Anyway, our new, glorious library and student centre gets better every time I go in. Not only has a new cafe opened up inside, but there are now screens telling you just how eco-friendly the building is being right now, by displaying data on the building’s power consumption, solar power generation, water consumption and water capture, etc.

So, in the last month (which I assume means April) the building has used 182 792 kWh of power (that certainly makes my electricity bill look tiddly!) but has generated a cool 1 847 531 kWh from its solar panels. Now, I know April has been unusually sunny this year (shame the sunshine couldn’t have come in summer when it was supposed to) but there is something clearly wrong with this figure.
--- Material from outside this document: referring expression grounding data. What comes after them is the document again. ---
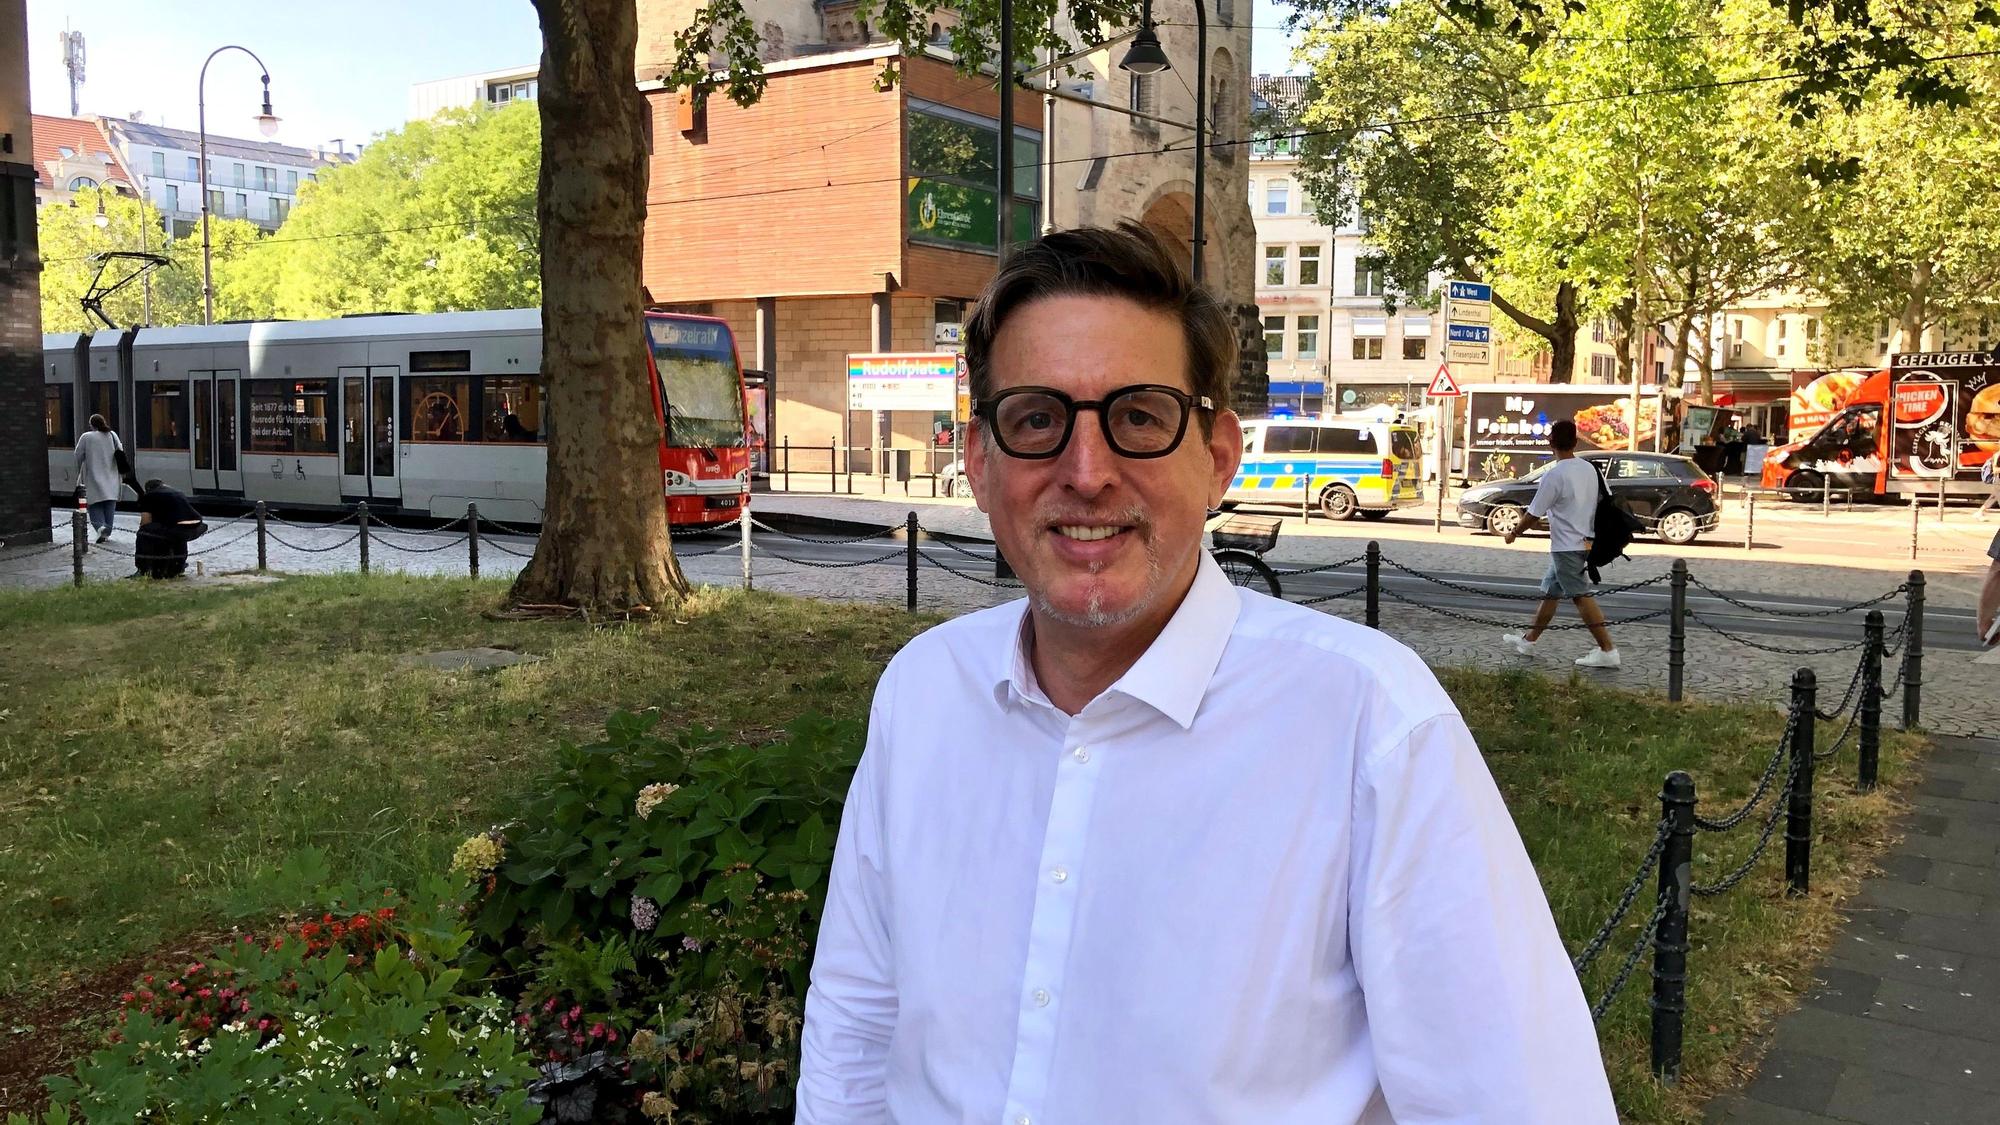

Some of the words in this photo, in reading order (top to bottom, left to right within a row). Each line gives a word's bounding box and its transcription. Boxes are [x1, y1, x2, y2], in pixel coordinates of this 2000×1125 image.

[1467, 287, 1478, 297] West
[1450, 329, 1461, 338] Nord
[1898, 354, 1977, 367] GEFLÜGEL
[862, 359, 940, 379] Rudolfplatz
[251, 402, 263, 411] Seit
[278, 402, 287, 411] die
[1505, 396, 1535, 415] My
[1903, 401, 1928, 413] TIME
[251, 415, 275, 424] Ausrede
[276, 414, 285, 423] für
[251, 427, 261, 436] bei
[262, 427, 271, 436] der
[1477, 418, 1557, 436] Feinkos
[720, 499, 736, 507] 4019
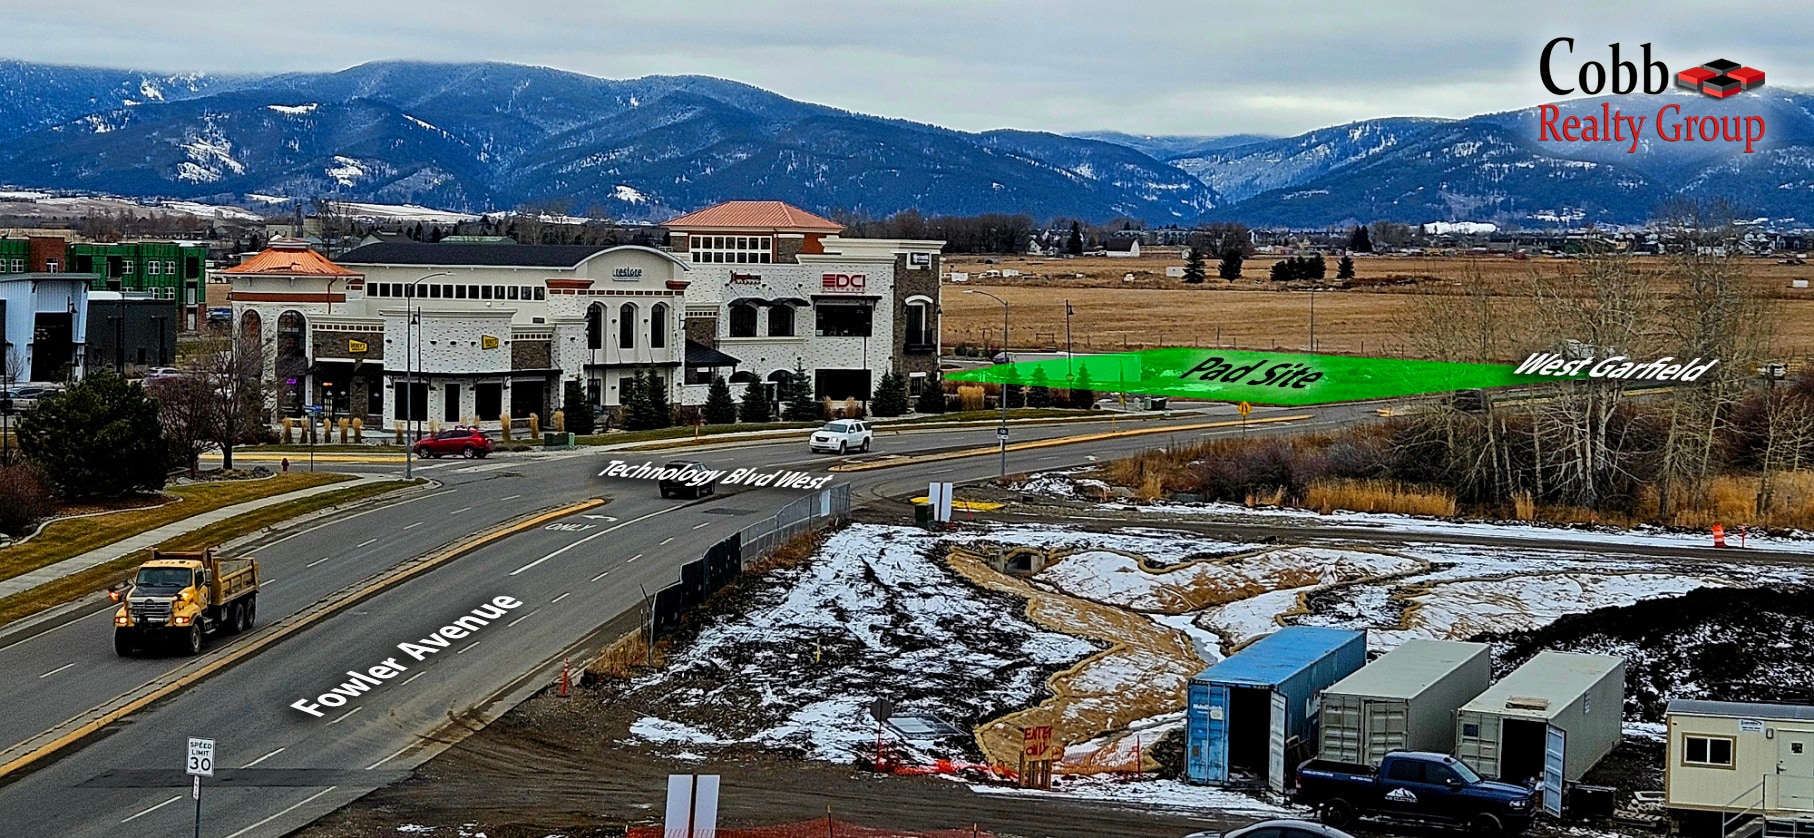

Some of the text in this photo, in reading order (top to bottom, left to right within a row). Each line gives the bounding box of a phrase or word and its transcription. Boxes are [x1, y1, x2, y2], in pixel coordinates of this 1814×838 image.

[545, 523, 597, 532] ONLY
[190, 741, 212, 750] SPEED
[189, 756, 211, 771] 30
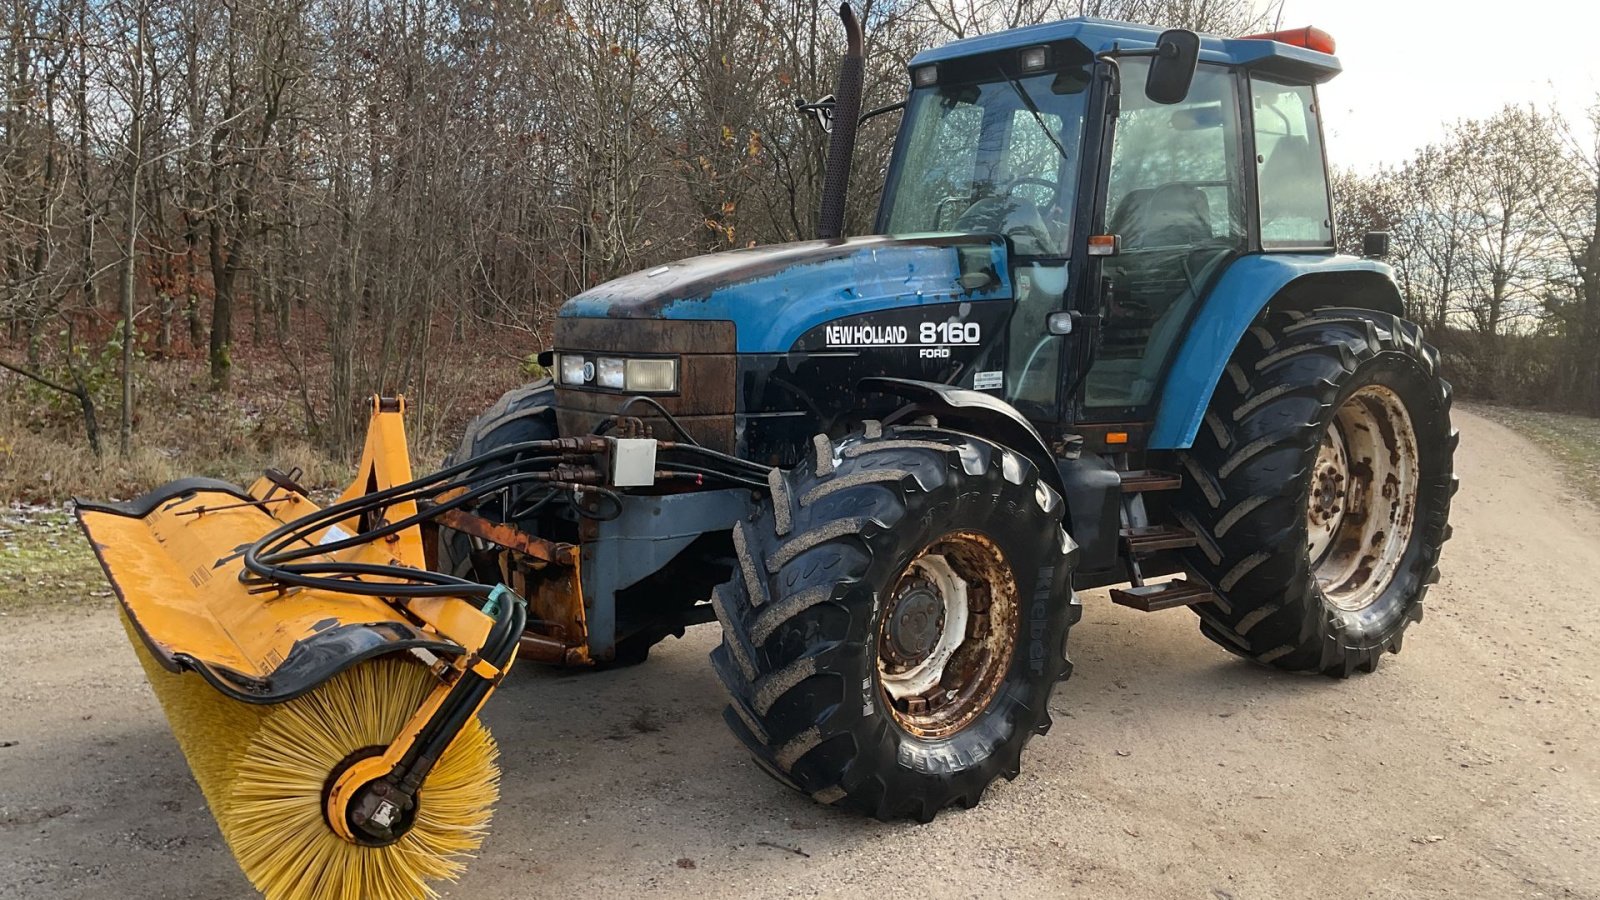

One metre squared of area, under full sun, gets about 1 kW of power on it. That means in about an hour it captures 1 kWh of energy. I don’t know how much of the building is covered in solar panel or other capture device, but I reckon the footprint of the building is about square with a side of 40 or 50 metres, so let’s say about 2000 m2 in roof area. So, if that were covered in solar panel, under full sun it would capture about 2000 kWh in one hour. In April there are 720 hours, so that gives us 1 440 000 kWh of energy.

But I’ve assumed that the panels are illuminated 24 hours a day! That’s clearly rubbish. So halve that, since half the time it’s night. In April, the sun isn’t anywhere near the zenith, so let’s halve that again. We are down to about 400 000 kWh. Then there are cloudy days (albeit not too many this month) which will take it down again, and still a large factor to apply because the power conversion from light to electricity or hot water isn’t 100% efficient. I reckon we might be down to a more reasonable estimate of 100 000 kWh.

So what does the 1 847 531 kWh represent?  It’s either a mistake, or I’m misinterpreting the display.